Agar subsidi energi tepat sasaran, Presiden meminta agar penyaluran subsidi energi ini diintegrasikan dengan program penanggulangan kemiskinan melalui program Kartu Keluarga Sejahtera (KKS).

Hal tersebut disampaikan Presiden Joko Widodo saat memimpin rapat terbatas tentang integrasi penyaluran subsidi energi dengan program Kartu Keluarga Sejahtera (KKS), Jumat, 13 Januari 2017, di Kantor Presiden, Jakarta.

Pemerintahan Presiden Joko Widodo dan Wakil Presiden Jusuf Kalla terus berupaya meningkatkan kesejahteraan masyarakat tidak mampu dengan mengeluarkan berbagai program unggulan penanggulangan kemiskinan. Salah satu fokus perhatian pemerintah adalah dengan kebijakan subsidi energi bagi masyarakat tidak mampu.

“Saya ingin menegaskan bahwa kebijakan subsidi energi bagi masyarakat yang tidak mampu menjadi fokus perhatian pemerintah,” ujar Presiden Joko Widodo.

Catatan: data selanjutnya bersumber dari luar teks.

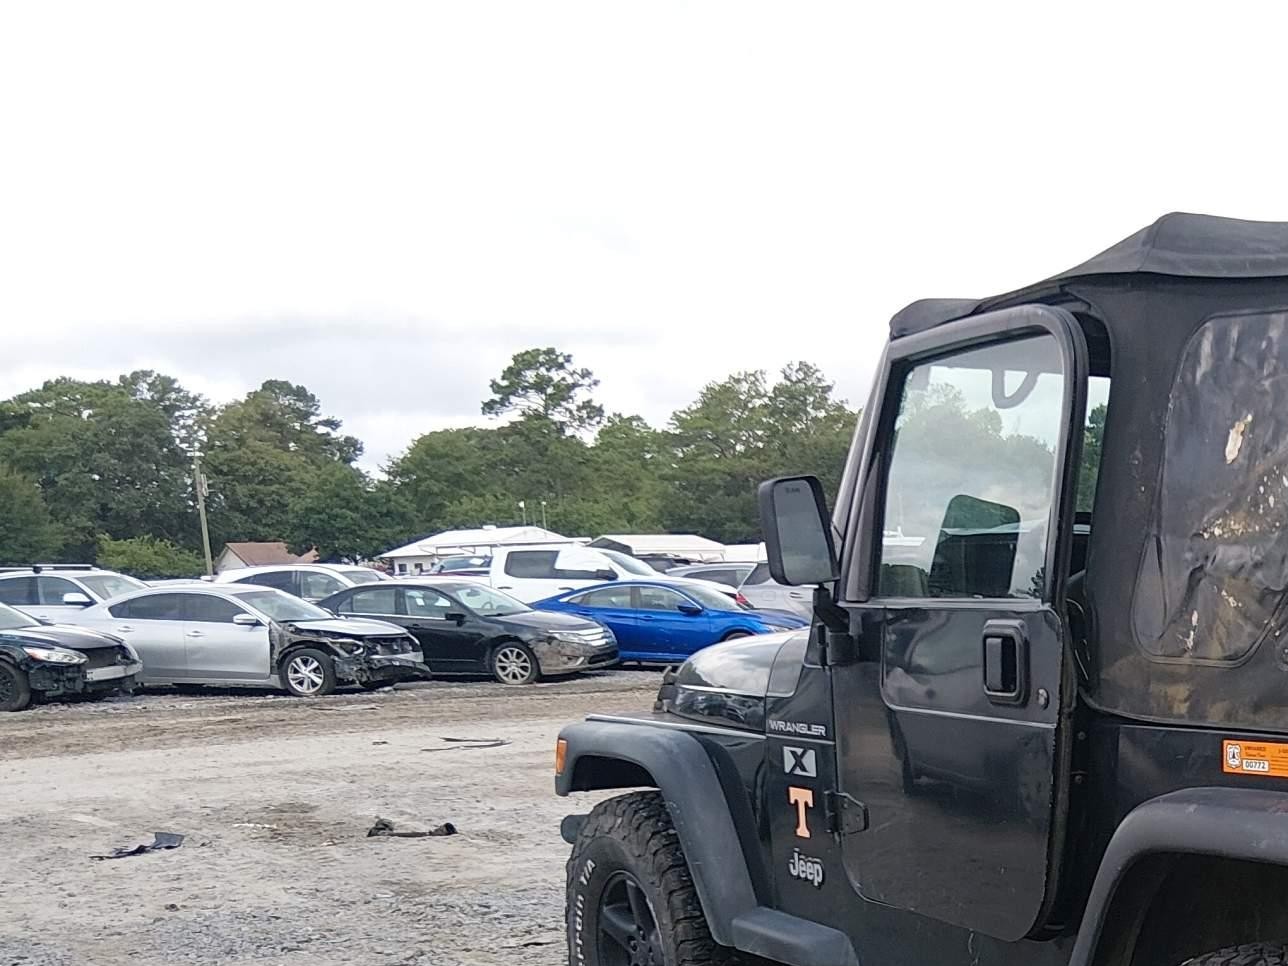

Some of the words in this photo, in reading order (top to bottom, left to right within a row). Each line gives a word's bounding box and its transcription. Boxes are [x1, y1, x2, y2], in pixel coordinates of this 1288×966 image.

Oleh karena itu, Presiden Joko Widodo menekankan untuk mengelola subsidi energi dengan baik dan tepat sasaran. Mengingat selama ini banyak subsidi yang diberikan pemerintah namun tidak diterima oleh masyarakat yang berhak menerima subsidi. Bahkan Presiden mendapatkan informasi, lebih dari 65 persen subsidi energi dalam bentuk LPG 3 kg dinikmati oleh rumah tangga yang tidak layak menerima subsidi.

“Saya ingin menekankan agar subsidi energi yang dimaksudkan untuk masyarakat yang tidak mampu harus betul-betul tepat sasaran,” ucap Presiden Joko Widodo.

Dalam kesempatan tersebut, Presiden Joko Widodo juga meminta kepada jajarannya untuk mengintegrasikan penyaluran subsidi energi melalui program KKS sehingga subsidi menjadi lebih terarah dan lebih tepat sasaran.

“Saya minta penyaluran subsidi energi ini dapat diintegrasikan terpadu dengan program penanggulangan kemiskinan terutama melalui program Kartu Keluarga Sejahtera (KKS) yang sudah berjalan,” terang Presiden Joko Widodo.

Untuk diketahui, pada tahun 2017 pemerintah Indonesia akan mengalokasikan subsidi BBM dan LPG 3 kg sebesar Rp 32,3 triliun serta subsidi listrik sebesar Rp45 triliun. Subsidi tersebut akan diintegrasikan dengan program penanggulangan kemiskinan agar betul-betul diterima oleh rakyat miskin, rentan miskin, usaha kecil, dan industri kecil yang berhak menerima subsidi. Selain itu, pengintegrasian tersebut diharapkan akan meningkatkan efisiensi biaya logistik pemerintah dan mempermudah penyaluran serta pengawasannya.